The task
Restate only the tail of the data below, starting at the line that contains "this 1500×1000 image." and including the last line, word for word.

Given records
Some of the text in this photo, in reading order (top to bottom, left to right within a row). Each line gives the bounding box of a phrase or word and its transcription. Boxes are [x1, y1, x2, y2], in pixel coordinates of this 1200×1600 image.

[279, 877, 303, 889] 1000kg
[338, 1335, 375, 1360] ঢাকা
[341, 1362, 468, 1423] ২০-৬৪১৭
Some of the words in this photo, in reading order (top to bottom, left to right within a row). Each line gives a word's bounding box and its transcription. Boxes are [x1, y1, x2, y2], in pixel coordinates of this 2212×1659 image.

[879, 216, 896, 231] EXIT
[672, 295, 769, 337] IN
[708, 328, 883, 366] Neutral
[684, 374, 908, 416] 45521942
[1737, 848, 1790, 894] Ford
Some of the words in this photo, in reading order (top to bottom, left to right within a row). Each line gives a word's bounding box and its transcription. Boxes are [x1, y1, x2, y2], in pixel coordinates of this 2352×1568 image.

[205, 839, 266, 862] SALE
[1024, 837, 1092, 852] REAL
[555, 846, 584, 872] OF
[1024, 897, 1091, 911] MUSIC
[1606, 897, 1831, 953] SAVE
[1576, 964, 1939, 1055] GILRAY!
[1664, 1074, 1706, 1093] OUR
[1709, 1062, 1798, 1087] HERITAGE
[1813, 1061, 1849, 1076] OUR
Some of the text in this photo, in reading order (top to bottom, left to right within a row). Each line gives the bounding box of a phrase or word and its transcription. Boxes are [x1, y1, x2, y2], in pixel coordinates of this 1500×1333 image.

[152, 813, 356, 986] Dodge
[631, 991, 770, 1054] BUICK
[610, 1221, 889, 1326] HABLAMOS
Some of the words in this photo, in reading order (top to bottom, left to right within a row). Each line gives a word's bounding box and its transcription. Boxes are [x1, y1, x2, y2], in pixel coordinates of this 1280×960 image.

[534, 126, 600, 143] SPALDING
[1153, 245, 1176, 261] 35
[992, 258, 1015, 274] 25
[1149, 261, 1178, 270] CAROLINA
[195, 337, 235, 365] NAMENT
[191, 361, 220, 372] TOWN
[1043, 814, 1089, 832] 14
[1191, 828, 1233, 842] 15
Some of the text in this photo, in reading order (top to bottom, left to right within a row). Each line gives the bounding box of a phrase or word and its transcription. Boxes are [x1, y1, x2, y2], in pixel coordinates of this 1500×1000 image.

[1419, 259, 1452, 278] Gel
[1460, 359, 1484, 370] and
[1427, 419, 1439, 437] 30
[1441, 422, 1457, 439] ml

Exercise output
Some of the text in this photo, in reading order (top to bottom, left to right within a row). Each line gives the bounding box of a phrase or word and its transcription. Boxes are [x1, y1, x2, y2], in pixel coordinates of this 1500×1000 image.

[1419, 259, 1452, 278] Gel
[1460, 359, 1484, 370] and
[1427, 419, 1439, 437] 30
[1441, 422, 1457, 439] ml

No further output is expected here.